(Beginning of Given records)
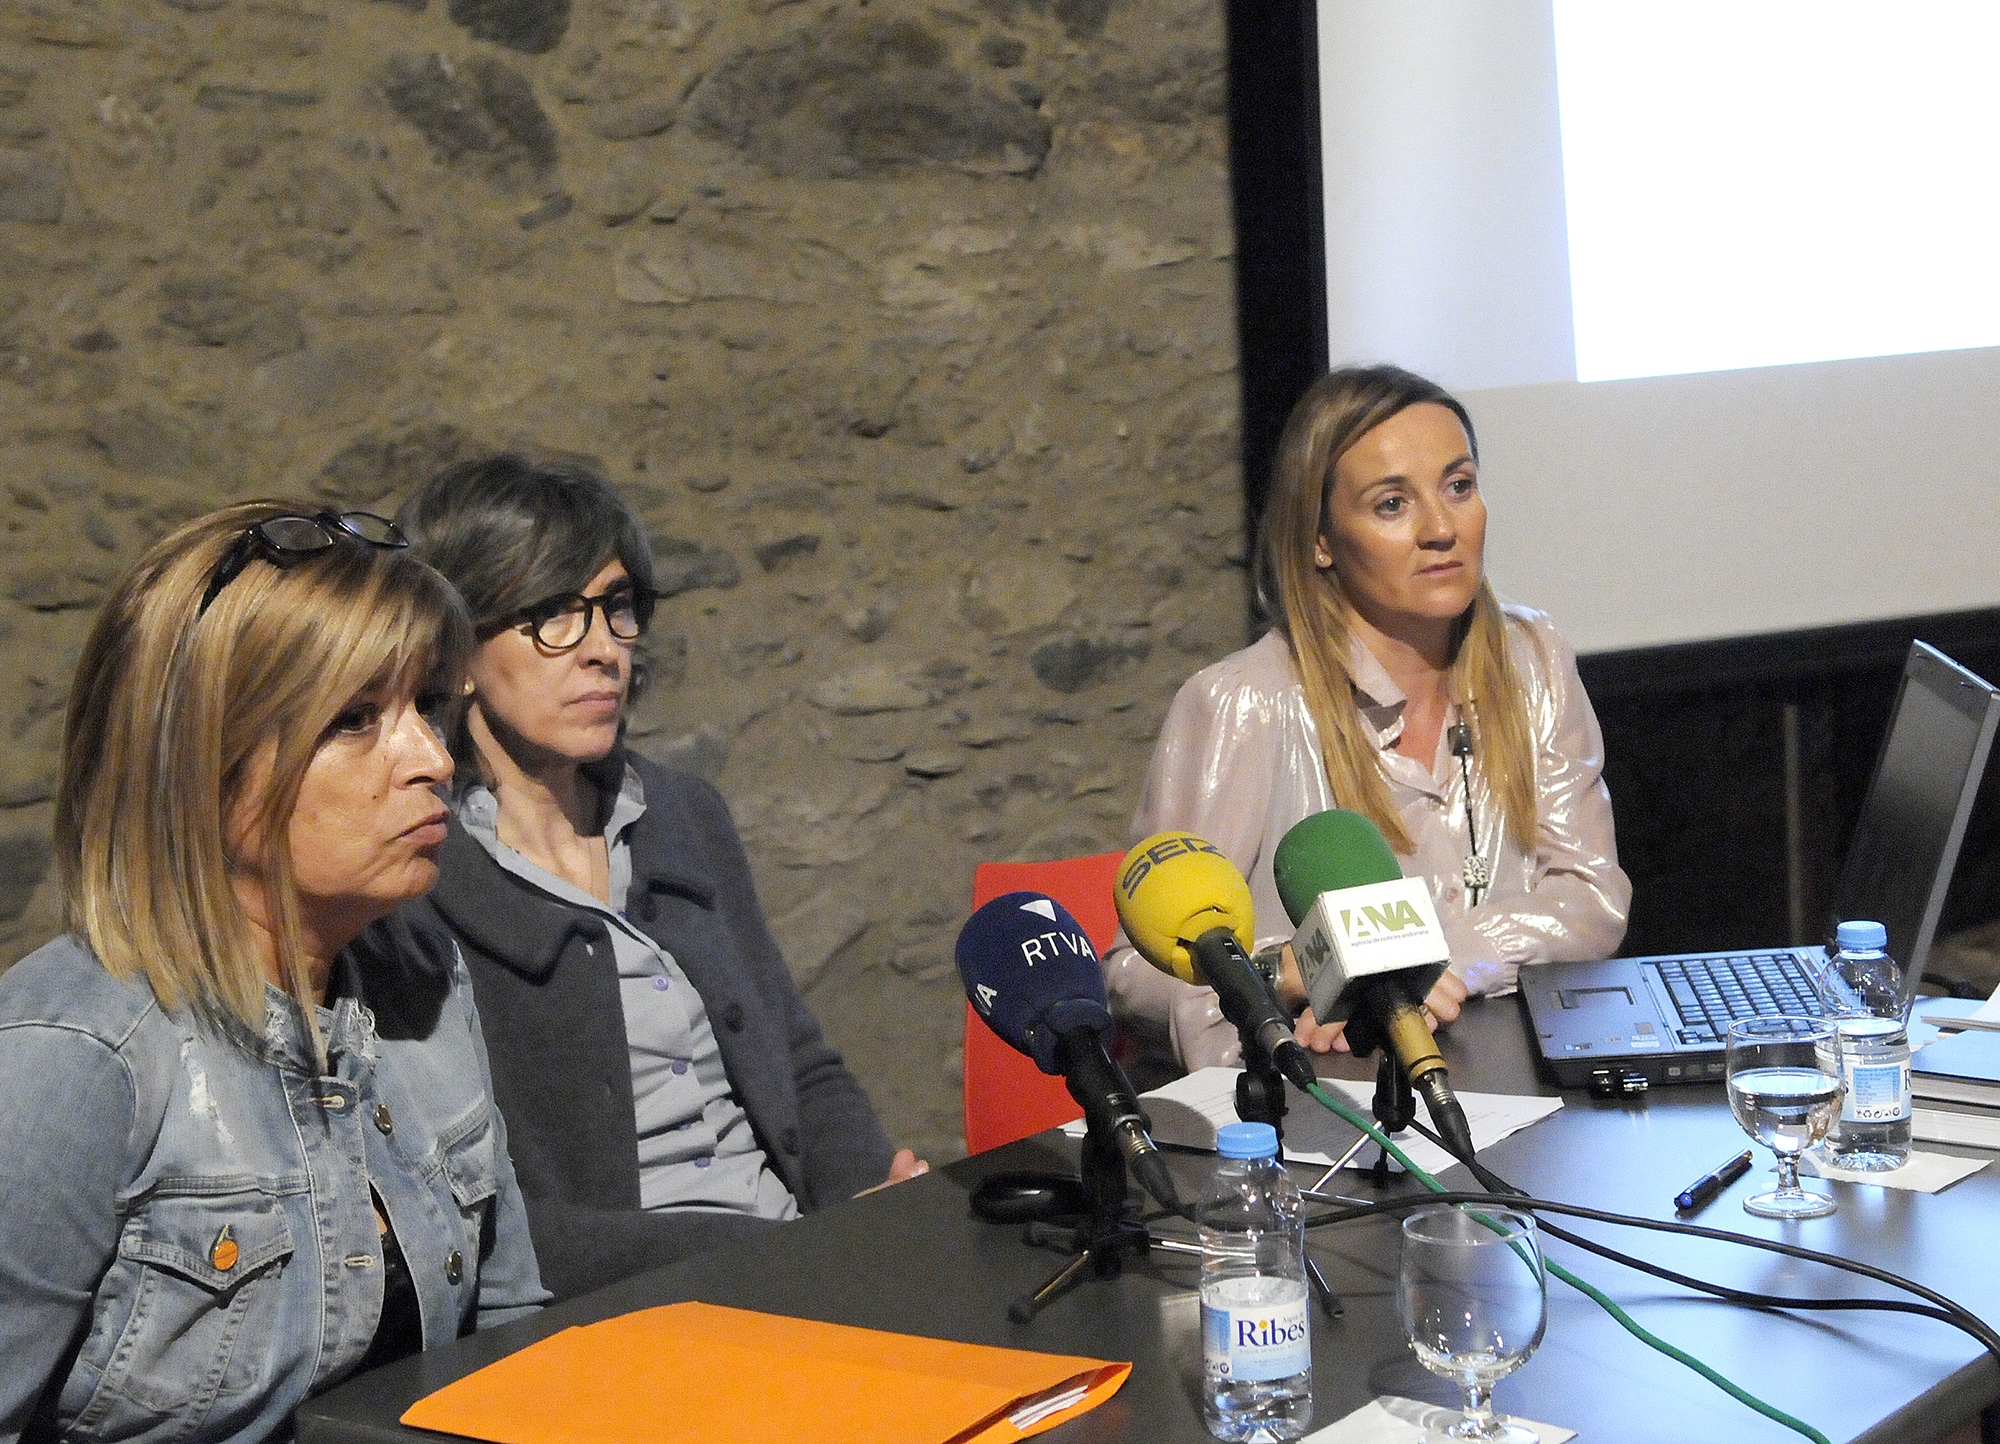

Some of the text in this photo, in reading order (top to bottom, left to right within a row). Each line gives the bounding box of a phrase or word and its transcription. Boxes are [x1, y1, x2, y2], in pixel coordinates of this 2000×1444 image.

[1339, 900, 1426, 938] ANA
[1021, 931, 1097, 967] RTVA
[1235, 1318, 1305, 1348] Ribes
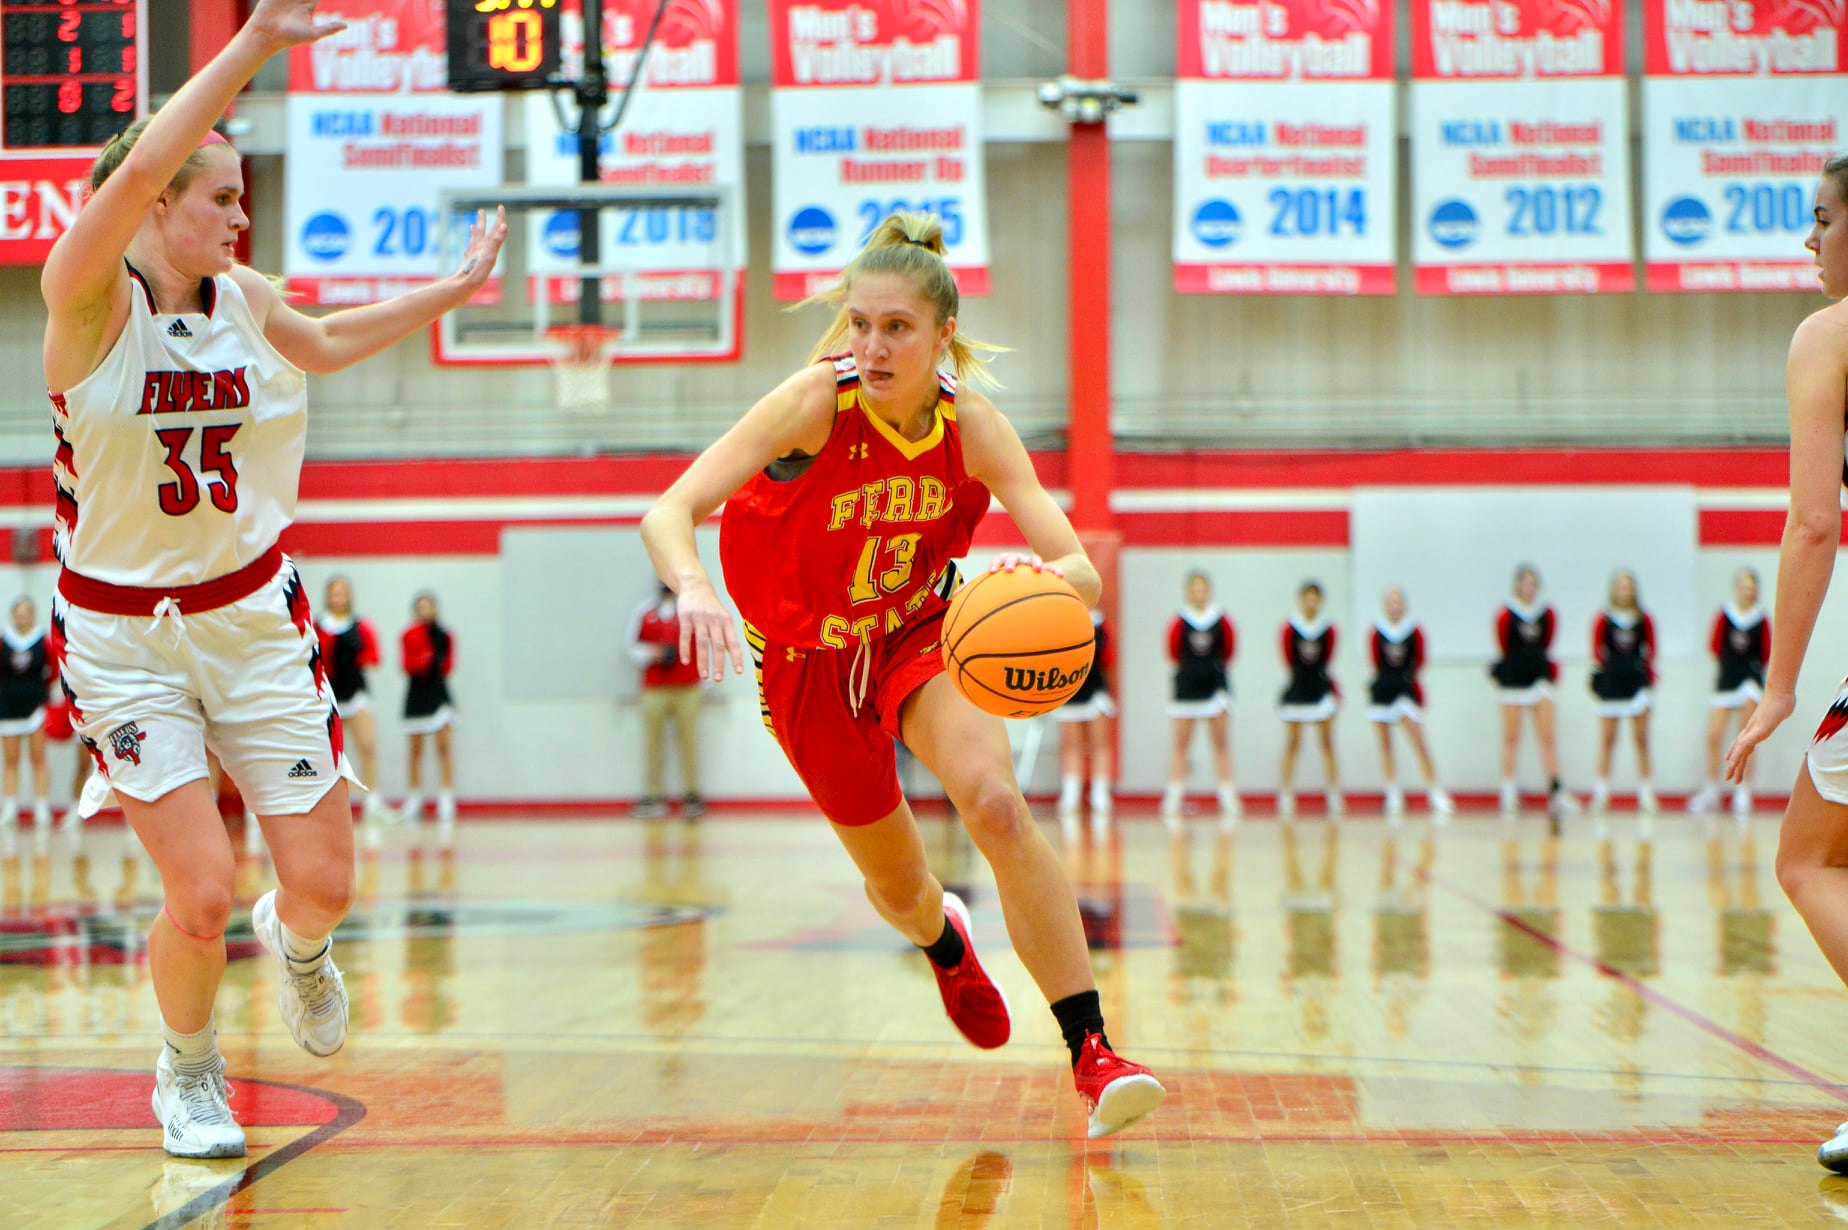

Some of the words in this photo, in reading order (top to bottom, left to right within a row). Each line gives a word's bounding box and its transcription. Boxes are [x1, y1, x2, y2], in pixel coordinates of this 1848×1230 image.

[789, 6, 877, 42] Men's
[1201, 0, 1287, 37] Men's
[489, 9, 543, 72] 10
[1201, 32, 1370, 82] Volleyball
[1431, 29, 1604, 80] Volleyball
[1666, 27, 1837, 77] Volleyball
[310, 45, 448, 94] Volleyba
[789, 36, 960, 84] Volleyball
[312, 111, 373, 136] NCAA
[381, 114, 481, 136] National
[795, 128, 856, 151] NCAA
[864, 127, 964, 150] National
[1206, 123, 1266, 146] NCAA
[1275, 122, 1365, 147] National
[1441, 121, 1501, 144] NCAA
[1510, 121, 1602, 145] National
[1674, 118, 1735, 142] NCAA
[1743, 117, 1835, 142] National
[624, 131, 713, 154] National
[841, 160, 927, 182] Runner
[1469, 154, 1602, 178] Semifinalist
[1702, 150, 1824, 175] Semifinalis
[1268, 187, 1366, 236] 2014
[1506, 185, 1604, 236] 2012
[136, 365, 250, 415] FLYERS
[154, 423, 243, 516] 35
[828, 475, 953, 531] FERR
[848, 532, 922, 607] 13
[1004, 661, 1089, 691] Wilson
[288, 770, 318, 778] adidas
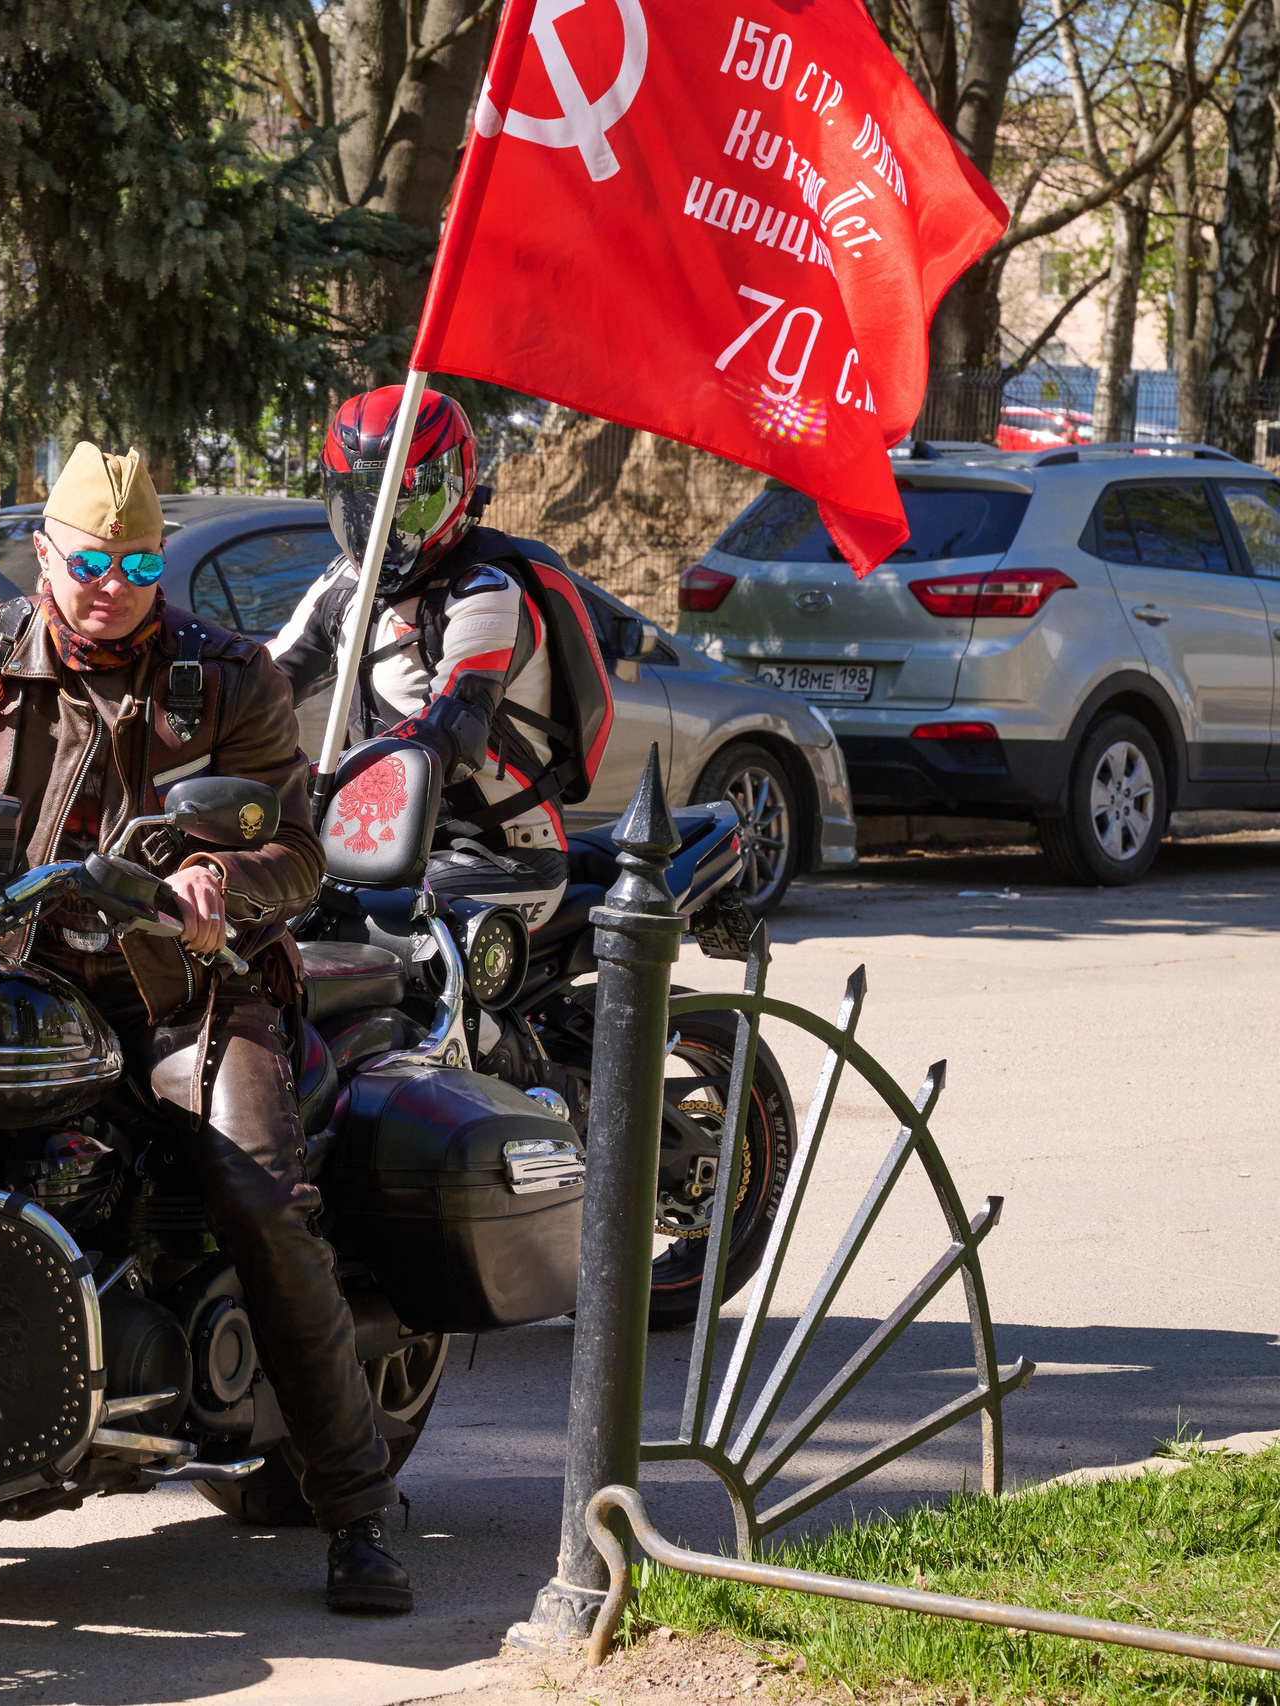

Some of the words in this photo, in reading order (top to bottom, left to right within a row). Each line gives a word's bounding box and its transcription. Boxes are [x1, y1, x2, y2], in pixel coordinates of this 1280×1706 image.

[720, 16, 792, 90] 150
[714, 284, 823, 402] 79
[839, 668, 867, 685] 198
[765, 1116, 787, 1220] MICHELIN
(End of Given records)
Required work | Restate the entire listing word for word, excluding pictures.

Problem solution |
Some of the text in this photo, in reading order (top to bottom, left to right within a row). Each line gives the bounding box of a phrase or word and its transcription. Boxes are [x1, y1, x2, y2], in pixel coordinates of this 2000×1444 image.

[1339, 900, 1426, 938] ANA
[1021, 931, 1097, 967] RTVA
[1235, 1318, 1305, 1348] Ribes

Some of the words in this photo, in reading order (top to bottom, left to right within a row). Each line gives a word's bounding box and its transcription. Boxes are [x1, y1, x2, y2], in pixel coordinates of this 1848×1230 image.

[789, 6, 877, 42] Men's
[1201, 0, 1287, 37] Men's
[489, 9, 543, 72] 10
[1201, 32, 1370, 82] Volleyball
[1431, 29, 1604, 80] Volleyball
[1666, 27, 1837, 77] Volleyball
[310, 45, 448, 94] Volleyba
[789, 36, 960, 84] Volleyball
[312, 111, 373, 136] NCAA
[381, 114, 481, 136] National
[795, 128, 856, 151] NCAA
[864, 127, 964, 150] National
[1206, 123, 1266, 146] NCAA
[1275, 122, 1365, 147] National
[1441, 121, 1501, 144] NCAA
[1510, 121, 1602, 145] National
[1674, 118, 1735, 142] NCAA
[1743, 117, 1835, 142] National
[624, 131, 713, 154] National
[841, 160, 927, 182] Runner
[1469, 154, 1602, 178] Semifinalist
[1702, 150, 1824, 175] Semifinalis
[1268, 187, 1366, 236] 2014
[1506, 185, 1604, 236] 2012
[136, 365, 250, 415] FLYERS
[154, 423, 243, 516] 35
[828, 475, 953, 531] FERR
[848, 532, 922, 607] 13
[1004, 661, 1089, 691] Wilson
[288, 770, 318, 778] adidas

Some of the words in this photo, in reading order (top to bottom, left to right within a row). Each line gives a word's bounding box and its transcription. Boxes are [x1, y1, x2, y2], in pixel coordinates of this 1280×1706 image.

[720, 16, 792, 90] 150
[714, 284, 823, 402] 79
[839, 668, 867, 685] 198
[765, 1116, 787, 1220] MICHELIN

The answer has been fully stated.